When reading data from the ATmega164A/164PA/324A/324PA/644A/644PA/1284/1284P, data is clocked on
the falling edge of SCK. See Figure 27-12 for timing details.
-- ATMega324PA Datasheet section 27.8.2
And Figure 27-12 is:
That looks like CPOL=0 / CPHA=0 to me (SPI Mode 0):
For CPHA=0, data are captured on the clock's rising edge (low→high transition) and data is output on a falling edge (high→low clock transition).

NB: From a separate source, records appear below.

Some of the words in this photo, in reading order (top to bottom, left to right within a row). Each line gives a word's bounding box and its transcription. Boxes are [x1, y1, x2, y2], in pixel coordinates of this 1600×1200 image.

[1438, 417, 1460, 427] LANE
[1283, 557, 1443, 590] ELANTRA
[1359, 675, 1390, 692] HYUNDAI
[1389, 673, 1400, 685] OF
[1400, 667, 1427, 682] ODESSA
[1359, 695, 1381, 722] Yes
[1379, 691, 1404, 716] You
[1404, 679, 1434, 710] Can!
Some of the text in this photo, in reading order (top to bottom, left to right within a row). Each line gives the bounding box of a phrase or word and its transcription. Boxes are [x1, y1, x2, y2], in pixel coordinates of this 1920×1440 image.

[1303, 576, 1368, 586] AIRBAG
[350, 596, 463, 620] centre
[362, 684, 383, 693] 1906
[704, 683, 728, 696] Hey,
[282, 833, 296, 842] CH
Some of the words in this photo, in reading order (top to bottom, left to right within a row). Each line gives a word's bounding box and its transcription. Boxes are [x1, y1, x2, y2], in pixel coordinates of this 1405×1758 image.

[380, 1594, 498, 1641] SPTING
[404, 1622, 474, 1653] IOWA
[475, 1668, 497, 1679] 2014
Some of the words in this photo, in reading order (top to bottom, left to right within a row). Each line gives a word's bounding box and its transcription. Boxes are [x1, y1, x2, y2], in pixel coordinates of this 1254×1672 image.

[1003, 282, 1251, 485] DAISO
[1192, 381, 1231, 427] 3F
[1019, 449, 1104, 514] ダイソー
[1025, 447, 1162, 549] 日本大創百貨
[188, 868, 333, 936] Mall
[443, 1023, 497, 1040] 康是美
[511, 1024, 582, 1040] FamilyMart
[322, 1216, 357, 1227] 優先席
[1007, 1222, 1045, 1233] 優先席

Mode 0 and Mode 3 look like they should be interchangeable because they both end up clocking in on the rising edge and clocking out on the falling edge of the clock. However the difference comes when you start doing a transfer - with Mode 0 you start with a rising edge (clock in) and then get a falling edge (clock out), whereas in Mode 3 you start with a falling edge (clock out) followed by a rising edge (clock in). So although you get the same data clocked in to the chip you may find reading the data becomes offset by one bit depending on how you actually do the reading.
It may in fact be that the programmer you have is really working in Mode 0 but during times of zero activity it places the clock and data pins into a high impedance state with pullup resistors to allow bus sharing. That would look like "idle clock high" when it isn't. When programming starts it first places the pins in output mode and pulls the clock low to start the SPI sequence with a LOW clock signal (Mode 0).